BEGIN Records to use
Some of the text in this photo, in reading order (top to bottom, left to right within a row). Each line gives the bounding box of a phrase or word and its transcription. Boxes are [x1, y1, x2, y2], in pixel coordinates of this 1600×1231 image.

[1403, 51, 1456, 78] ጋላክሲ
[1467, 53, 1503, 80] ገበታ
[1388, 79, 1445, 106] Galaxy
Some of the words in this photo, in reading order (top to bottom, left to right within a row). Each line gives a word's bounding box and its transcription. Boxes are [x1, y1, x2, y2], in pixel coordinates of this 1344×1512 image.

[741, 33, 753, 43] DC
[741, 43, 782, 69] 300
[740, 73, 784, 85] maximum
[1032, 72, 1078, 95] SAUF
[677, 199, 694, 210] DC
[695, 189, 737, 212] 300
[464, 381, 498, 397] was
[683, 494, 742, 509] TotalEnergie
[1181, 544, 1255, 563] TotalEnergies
END Records to use
Your goal:
Nothing should be left out or altered, so reproduce the whole listing.

The answer:
Some of the text in this photo, in reading order (top to bottom, left to right within a row). Each line gives the bounding box of a phrase or word and its transcription. Boxes are [x1, y1, x2, y2], in pixel coordinates of this 1600×1231 image.

[1403, 51, 1456, 78] ጋላክሲ
[1467, 53, 1503, 80] ገበታ
[1388, 79, 1445, 106] Galaxy
Some of the words in this photo, in reading order (top to bottom, left to right within a row). Each line gives a word's bounding box and its transcription. Boxes are [x1, y1, x2, y2], in pixel coordinates of this 1344×1512 image.

[741, 33, 753, 43] DC
[741, 43, 782, 69] 300
[740, 73, 784, 85] maximum
[1032, 72, 1078, 95] SAUF
[677, 199, 694, 210] DC
[695, 189, 737, 212] 300
[464, 381, 498, 397] was
[683, 494, 742, 509] TotalEnergie
[1181, 544, 1255, 563] TotalEnergies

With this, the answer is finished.